The second question regards as follows :-
'Whether the interest on rent payable to other appellants as landholder under the Madras Estates Land Act can be said to be agricultural income within the meaning of section 2(1)(a) of the Act and so exempt from assessment under section 4(3)(viii) of the Income-tax Act.'
The assessee is a landholder within the meaning of the Madras Estates Land Act. Section 61 of the Act states that an arrear of rent payable by a riot to his landholder shall bear simple interest at the rate of one-half per cent. per mensem from the date on which the arrear fell due until it is liquidated. The Income-tax Officer held that the interest which the assessee received from his tenants under this section is not agricultural income within the meaning of Section 2(1) of the Indian Income-tax Act, 1922, and therefore he was liable to pay the tax on it. It is true that until the decision of the Calcutta High Court in In re Manager Radhika Mohan Roy Wards Estate the Department regarded interest paid on arrears of rent of agricultural land as being agricultural income. The former practice does not, however, preclude the Income-tax authorities from maintaining that they were wrong and that such it income is taxable. In this case the appellate Tribunal held that the assessee had been lawfully assessed in this respect.
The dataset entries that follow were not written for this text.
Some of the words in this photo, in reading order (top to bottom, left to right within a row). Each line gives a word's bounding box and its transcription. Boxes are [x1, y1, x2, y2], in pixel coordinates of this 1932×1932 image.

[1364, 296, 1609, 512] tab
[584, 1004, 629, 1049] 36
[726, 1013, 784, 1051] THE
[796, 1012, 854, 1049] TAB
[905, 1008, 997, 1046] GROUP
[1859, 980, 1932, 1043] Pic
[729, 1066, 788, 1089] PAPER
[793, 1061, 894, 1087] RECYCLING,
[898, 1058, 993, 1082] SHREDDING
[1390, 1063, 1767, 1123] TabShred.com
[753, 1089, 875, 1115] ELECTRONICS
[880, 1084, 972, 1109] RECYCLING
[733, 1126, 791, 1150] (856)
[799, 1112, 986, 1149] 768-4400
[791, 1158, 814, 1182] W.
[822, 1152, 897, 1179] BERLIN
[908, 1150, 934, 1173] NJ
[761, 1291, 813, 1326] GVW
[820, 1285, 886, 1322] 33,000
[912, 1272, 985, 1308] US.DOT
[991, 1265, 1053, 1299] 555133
The term 'agricultural income' is defined in Section 2(1) of the Income-tax Act. The term includes any rent or revenue derived from land which is used for agricultural purposes, and is either assessed to land revenue in British India or subject to a local rate assessed and collected by officers of the Crown as such, and any income derived from such land by agriculture.
In re Manager, Radhika Mohan Roy Wards Estate, the Calcutta High Court had to consider whether interest on arrears of rent payable under the Bengal Tenancy Act was rent or revenue derived from land. So far as this case is concerned there is no difference between the Bengal Tenancy Act and the Madras Estates Land Act. The Calcutta High Court held that interest on arrears of rent was not agricultural income. It was pointed out that rent is payable to the landlord by the tenant by virtue of a contract of tenancy of land and the cause of action in respect of rent arises out of contract. Interest on arrears of rent is payable by reason of a statutory provision of law which 'imposes a penalty upon the tenant for non-payment of his rent.' The Patna High Court followed this decision in Maharaja Bahadur Ram Ran Vijay Prasad Singh v. The Province of Bihar although in an earlier case, Sri Ramchandra Dev v. The Commissioner of Income-tax, Bihar and Orrisa, it expressed a contrary opinion. The earlier case was a reference under the Income-tax Act and the later case a reference under the Bihar Agricultural Income-tax Act, 1938, but we can see no reason for a distinction.
In our judgment interest on arrears of rent payable by a ryot to the landholder under the Madras Estates Land Act is not agricultural income within the meaning of the Income-tax Act. Such interest is not rent. It is an additional sum payable to landholder as compensation of the delay in the payment of the rent. Nor can it be classified as revenue 'derived' from the land. Its source is the tenants default in the performance of his contract. It is true that under the Madras Estates Land Act the landholder may district for arrears of rent and interest thereon, but that does not make the errors rent. Section 3(11) of that Act defines 'rent as meaning :
'Whatever is lawfully payable in money or in kind or in both to a landholder by a ryot for the use or occupation of land for the purpose of agriculture and includes whatever is lawfully payable on account of water supplied by the landholder or taken without his permission for cultivation of land where the charge for water has not been consolidated with the charge for the use or occupation of the land.'
Section 5 of the Madras Estates Land Act makes the rent and the interest of a first charge on the land but again we do not consider that this alters the character of the interest. In deciding whether interest is or is not agricultural income within the meaning of the Income-tax Act, the Court can only have regard to the definition contained in the Act.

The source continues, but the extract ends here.